Jeff King: And this is a very broad question, but why are we invested so heavily in this issue? So for most people, even look at this podcast, we had to do a lot of groundwork laying the foundation of what happened. It’s unbelievable in the religious freedom community where this massive event, this genocide happened, and hardly anybody knows about it. And then this more recent event, it’s like most of the world honestly, the masses go about their business and they don’t know anything about this. We’re spending a lot of time. We’re messaging a lot about it. We care deeply about it.

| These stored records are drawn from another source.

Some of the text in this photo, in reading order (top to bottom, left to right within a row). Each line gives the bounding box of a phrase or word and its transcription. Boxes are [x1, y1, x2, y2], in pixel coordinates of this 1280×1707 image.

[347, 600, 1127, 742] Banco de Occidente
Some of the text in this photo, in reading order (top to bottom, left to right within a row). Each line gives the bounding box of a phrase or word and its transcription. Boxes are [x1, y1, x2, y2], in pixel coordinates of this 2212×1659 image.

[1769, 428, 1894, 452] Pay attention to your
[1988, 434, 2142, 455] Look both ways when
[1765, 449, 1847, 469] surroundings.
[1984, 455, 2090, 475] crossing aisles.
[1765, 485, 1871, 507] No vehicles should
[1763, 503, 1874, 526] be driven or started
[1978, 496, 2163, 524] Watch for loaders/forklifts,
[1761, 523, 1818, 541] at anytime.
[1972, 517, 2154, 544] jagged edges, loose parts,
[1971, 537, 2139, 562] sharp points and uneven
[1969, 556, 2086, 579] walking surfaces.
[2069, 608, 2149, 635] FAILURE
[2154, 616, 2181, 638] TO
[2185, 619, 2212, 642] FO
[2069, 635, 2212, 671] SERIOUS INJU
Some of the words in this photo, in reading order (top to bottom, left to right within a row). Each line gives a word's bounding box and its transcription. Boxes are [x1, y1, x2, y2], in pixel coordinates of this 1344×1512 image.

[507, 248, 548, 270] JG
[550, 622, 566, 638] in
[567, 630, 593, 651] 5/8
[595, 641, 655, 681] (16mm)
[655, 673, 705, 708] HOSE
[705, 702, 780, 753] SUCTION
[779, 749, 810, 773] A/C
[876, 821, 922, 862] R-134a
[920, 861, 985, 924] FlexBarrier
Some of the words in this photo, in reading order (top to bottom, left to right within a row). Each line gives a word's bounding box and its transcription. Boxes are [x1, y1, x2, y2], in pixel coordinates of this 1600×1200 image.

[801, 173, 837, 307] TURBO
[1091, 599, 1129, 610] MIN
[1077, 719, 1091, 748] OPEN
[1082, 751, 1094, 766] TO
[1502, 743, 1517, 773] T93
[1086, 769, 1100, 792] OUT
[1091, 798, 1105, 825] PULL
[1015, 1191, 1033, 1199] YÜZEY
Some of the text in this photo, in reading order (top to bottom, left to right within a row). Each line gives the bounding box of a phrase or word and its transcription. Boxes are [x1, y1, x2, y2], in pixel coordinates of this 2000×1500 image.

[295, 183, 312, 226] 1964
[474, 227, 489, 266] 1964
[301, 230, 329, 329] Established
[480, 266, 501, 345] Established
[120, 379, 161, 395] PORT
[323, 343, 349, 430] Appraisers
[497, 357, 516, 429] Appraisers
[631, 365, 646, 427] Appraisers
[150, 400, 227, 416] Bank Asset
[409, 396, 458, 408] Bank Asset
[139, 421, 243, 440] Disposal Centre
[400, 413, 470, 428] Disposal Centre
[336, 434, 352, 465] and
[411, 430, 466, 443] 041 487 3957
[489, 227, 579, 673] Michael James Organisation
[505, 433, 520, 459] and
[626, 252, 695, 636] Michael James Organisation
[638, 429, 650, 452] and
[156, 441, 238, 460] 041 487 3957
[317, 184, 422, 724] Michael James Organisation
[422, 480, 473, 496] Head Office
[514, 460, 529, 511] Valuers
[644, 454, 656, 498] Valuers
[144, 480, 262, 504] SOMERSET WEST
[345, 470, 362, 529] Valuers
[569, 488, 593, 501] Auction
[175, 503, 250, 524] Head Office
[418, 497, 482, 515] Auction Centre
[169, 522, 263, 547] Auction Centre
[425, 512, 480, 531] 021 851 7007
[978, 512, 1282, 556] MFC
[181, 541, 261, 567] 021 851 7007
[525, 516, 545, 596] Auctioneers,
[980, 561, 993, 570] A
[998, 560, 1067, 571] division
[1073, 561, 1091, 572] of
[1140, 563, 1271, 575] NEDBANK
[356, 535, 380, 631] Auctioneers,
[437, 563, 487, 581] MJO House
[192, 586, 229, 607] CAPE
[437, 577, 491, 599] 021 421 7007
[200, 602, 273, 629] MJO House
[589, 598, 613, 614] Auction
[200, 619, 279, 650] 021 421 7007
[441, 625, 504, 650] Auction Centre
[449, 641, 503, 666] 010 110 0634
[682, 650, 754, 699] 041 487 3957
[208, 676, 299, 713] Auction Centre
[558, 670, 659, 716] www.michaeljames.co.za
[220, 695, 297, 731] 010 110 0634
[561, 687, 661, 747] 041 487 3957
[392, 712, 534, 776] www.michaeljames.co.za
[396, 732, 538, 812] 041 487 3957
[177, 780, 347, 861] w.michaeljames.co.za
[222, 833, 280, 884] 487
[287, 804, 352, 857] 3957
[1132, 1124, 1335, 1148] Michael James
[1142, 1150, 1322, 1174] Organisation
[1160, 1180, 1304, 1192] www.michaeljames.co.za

Why is it, that’s for either of you guys?

Claire Evans: I think something that is important to remember that what Turkey is willing to do in the broad daylight, it’s going to be 10 times worse in the dark. Turkey has been very aggressive and even people have called what they did in Syria, for example, genocide. We’ve seen that before, but that was when the whole world was watching. So what do they do in Karabakh when they think nobody is watching? And correctly, not very many people are looking at this part of the world. It’s hard to find on the map. Look what they’re doing there so openly without even trying to hide it.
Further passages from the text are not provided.